Whether it’s helping individuals build camera confidence or crafting engaging videos, Neil ensures every client stands out and delivers their message with impact.
⭐️ MARK: youtube.com/ @educationonfire5530
Mark is a professional percussionist with 25 years of experience and has performed with some of the UK's finest orchestras and theatre companies. He discovered his passion and 'voice' through music, which led him to share his understanding through drum and percussion teaching in schools and his private practice.
Mark's desire to share the creative and inspiring learning he witnessed in schools drove him to start the Education on Fire podcast in December 2016. With over 370 episodes released and downloaded in 147 countries, Mark interviews educators worldwide, enabling parents and caregivers to support their children in living, learning, and growing to their full potential.
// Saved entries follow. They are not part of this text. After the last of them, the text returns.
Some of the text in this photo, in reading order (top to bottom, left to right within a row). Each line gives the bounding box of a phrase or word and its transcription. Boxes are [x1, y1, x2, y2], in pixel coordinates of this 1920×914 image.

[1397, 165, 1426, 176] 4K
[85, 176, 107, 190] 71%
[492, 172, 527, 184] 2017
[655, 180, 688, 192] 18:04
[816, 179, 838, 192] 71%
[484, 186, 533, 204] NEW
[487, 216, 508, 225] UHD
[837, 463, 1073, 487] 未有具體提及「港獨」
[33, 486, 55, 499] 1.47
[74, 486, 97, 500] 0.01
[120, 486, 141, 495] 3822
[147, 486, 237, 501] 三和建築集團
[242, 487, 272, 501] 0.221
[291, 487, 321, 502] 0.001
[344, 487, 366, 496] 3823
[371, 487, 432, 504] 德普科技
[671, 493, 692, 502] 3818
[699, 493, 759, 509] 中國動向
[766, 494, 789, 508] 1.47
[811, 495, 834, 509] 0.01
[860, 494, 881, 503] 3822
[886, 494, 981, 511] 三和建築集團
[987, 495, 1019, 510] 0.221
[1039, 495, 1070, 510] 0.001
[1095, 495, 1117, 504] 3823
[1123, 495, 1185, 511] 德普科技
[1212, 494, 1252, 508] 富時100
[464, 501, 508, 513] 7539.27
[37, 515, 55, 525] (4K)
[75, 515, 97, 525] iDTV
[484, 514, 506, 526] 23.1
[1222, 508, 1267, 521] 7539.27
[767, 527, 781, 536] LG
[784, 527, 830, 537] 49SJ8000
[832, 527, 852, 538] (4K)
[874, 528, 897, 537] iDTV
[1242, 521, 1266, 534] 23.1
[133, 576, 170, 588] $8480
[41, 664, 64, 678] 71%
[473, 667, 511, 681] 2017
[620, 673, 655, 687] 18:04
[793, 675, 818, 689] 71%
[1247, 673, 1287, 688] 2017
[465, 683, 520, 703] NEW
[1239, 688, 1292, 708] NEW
⭐️ LISA: youtube.com/@AnAppetizingLife
Lisa is a passionate lifestyle entrepreneur, consultant, content creator, and the founder of the lifestyle brand An Appetizing Life. With a strong background in advertising and television, both on and off-camera, Lisa brings a wealth of experience and expertise to her work.
Having successfully created her own jewelry and home fragrance company, Lisa understands the intricacies of building a brand from the ground up. Through her consultancy business, Lisa is dedicated to helping women entrepreneurs aged 50+ grow their brands, elevate their visibility, and celebrate their accomplishments.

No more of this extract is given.